Exercise directions: Give the entries below again, word for word, and leave out the images.

Provided data:
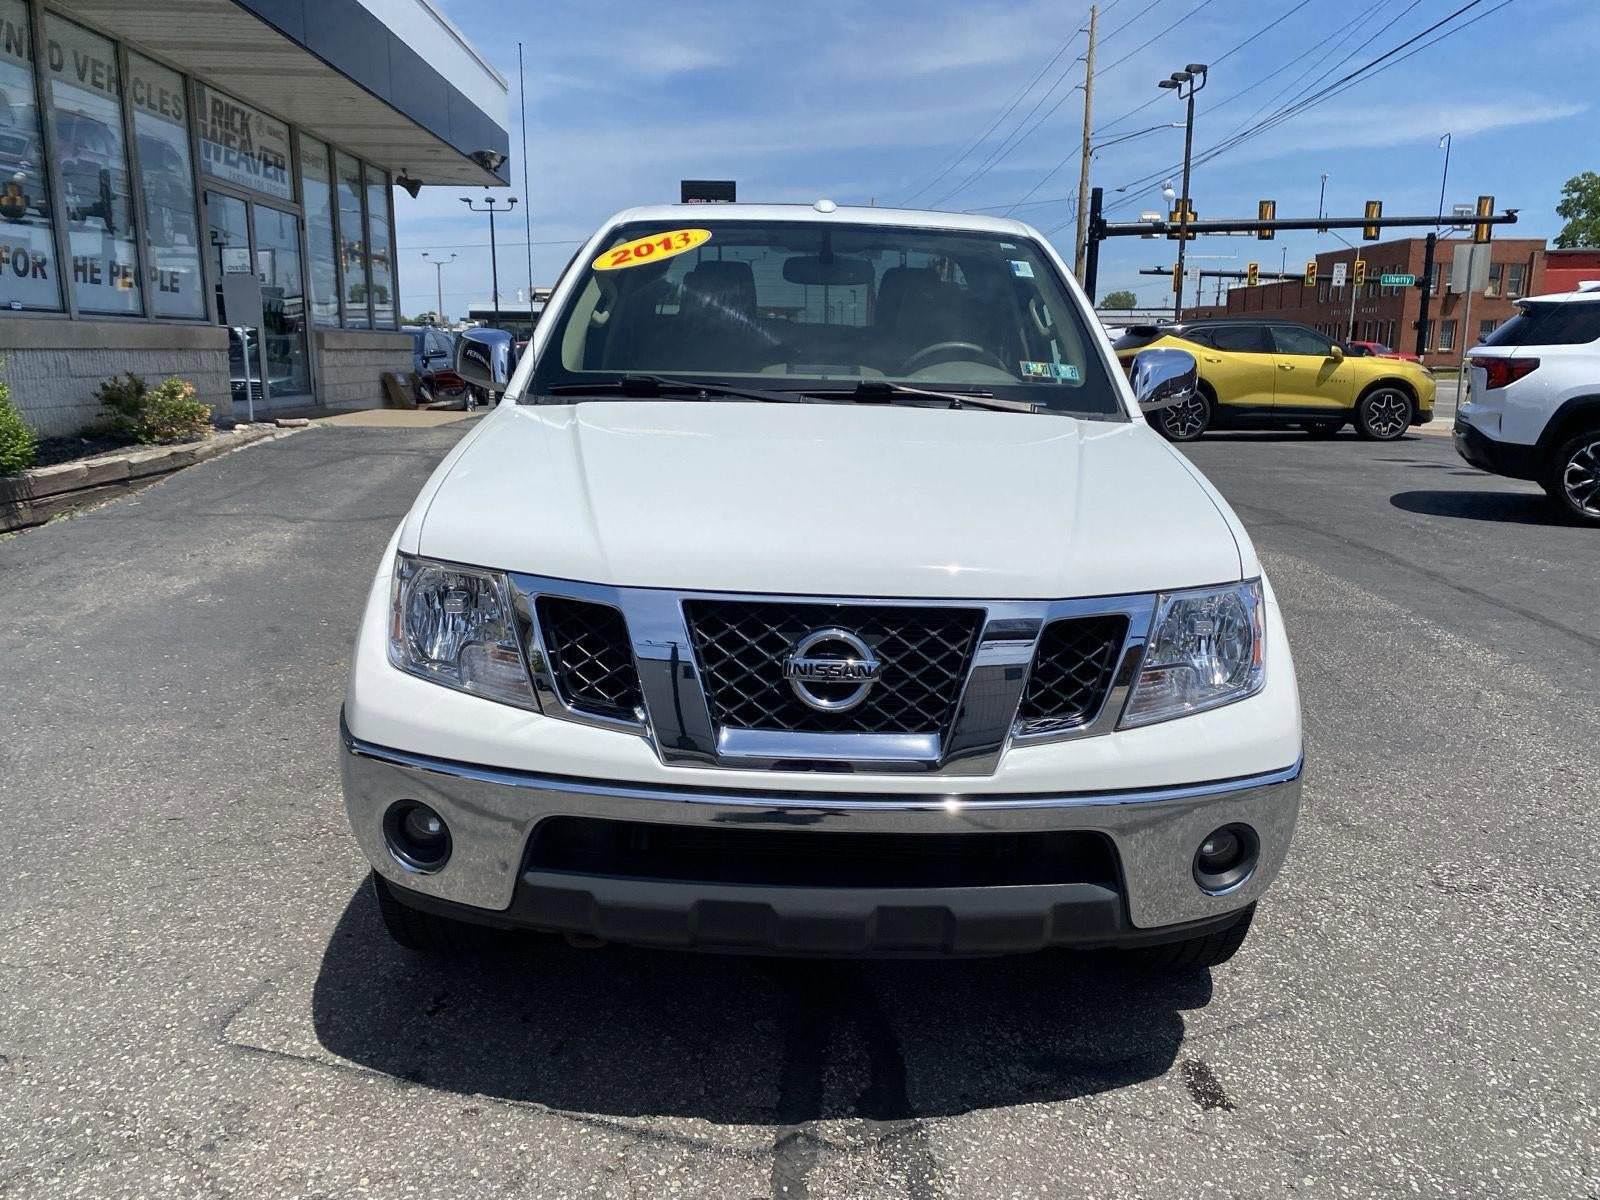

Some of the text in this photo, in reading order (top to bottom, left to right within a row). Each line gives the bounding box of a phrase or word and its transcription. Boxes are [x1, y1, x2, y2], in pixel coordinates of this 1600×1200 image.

[72, 49, 183, 121] VEHCLES
[211, 96, 253, 142] RICK
[0, 246, 48, 279] FOR
[73, 256, 102, 285] HE
[610, 232, 690, 266] 2013
[1384, 275, 1411, 286] Liberty
[789, 661, 873, 678] NISSAN
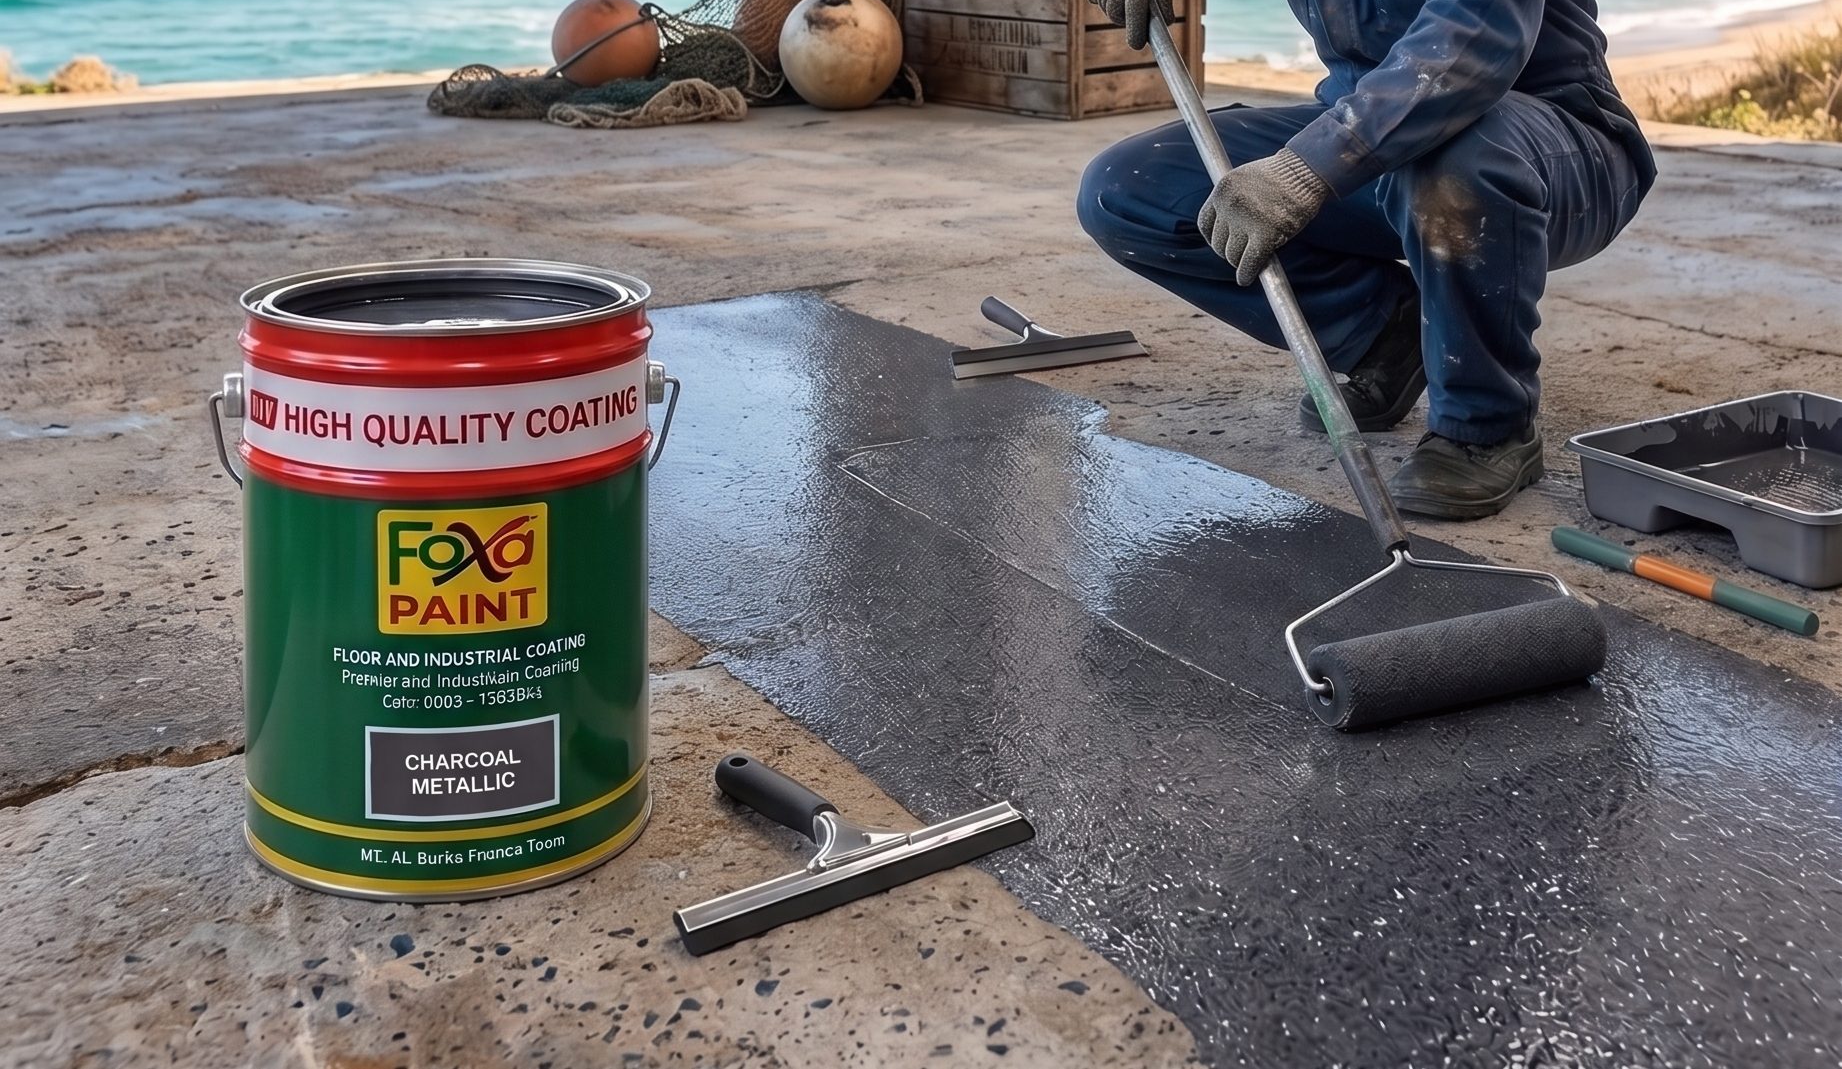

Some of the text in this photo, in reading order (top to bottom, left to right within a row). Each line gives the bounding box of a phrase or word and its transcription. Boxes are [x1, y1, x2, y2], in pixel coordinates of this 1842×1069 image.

[285, 385, 638, 448] HIGH QUALITY COATING
[389, 587, 537, 625] PAINT
[333, 633, 586, 667] FLOOR AND INDUSTRIAL COATING
[424, 694, 463, 709] 0003
[405, 749, 521, 771] CHARCOAL
[412, 771, 515, 795] METALLIC
[391, 851, 412, 865] AL
[527, 835, 565, 853] Toom
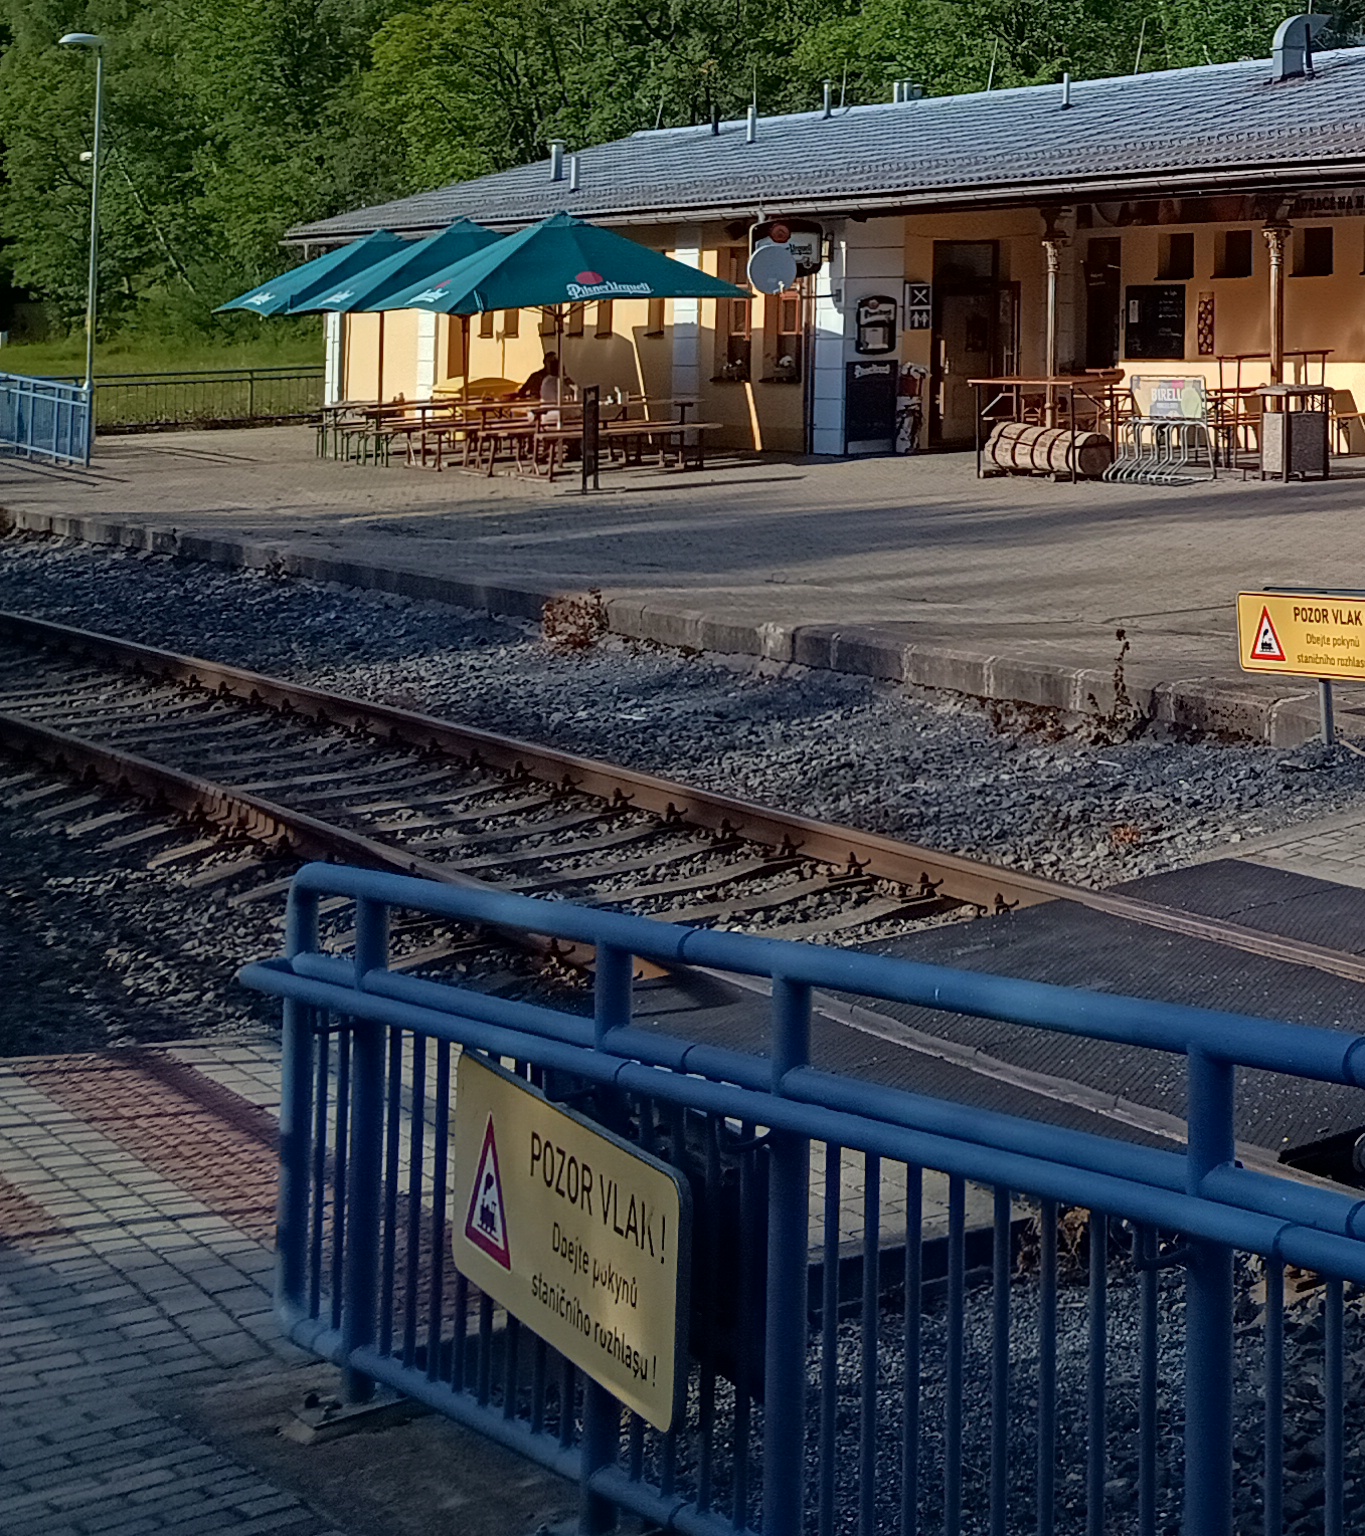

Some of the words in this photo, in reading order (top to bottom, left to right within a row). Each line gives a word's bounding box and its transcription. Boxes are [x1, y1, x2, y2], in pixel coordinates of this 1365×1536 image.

Problem solution:
Some of the text in this photo, in reading order (top to bottom, left to right within a row). Each line gives the bounding box of a phrase or word and its transcription. Boxes are [x1, y1, x2, y2], in pixel coordinates of this 1600×1200 image.

[72, 49, 183, 121] VEHCLES
[211, 96, 253, 142] RICK
[0, 246, 48, 279] FOR
[73, 256, 102, 285] HE
[610, 232, 690, 266] 2013
[1384, 275, 1411, 286] Liberty
[789, 661, 873, 678] NISSAN

Some of the text in this photo, in reading order (top to bottom, left to right within a row). Each line gives the bounding box of a phrase or word and its transcription. Boxes are [x1, y1, x2, y2], in pixel coordinates of this 1842×1069 image.

[285, 385, 638, 448] HIGH QUALITY COATING
[389, 587, 537, 625] PAINT
[333, 633, 586, 667] FLOOR AND INDUSTRIAL COATING
[424, 694, 463, 709] 0003
[405, 749, 521, 771] CHARCOAL
[412, 771, 515, 795] METALLIC
[391, 851, 412, 865] AL
[527, 835, 565, 853] Toom

Some of the words in this photo, in reading order (top to bottom, left to right within a row). Each line gives a word's bounding box and its transcription. Boxes are [x1, y1, x2, y2], in pixel coordinates of this 1365×1536 image.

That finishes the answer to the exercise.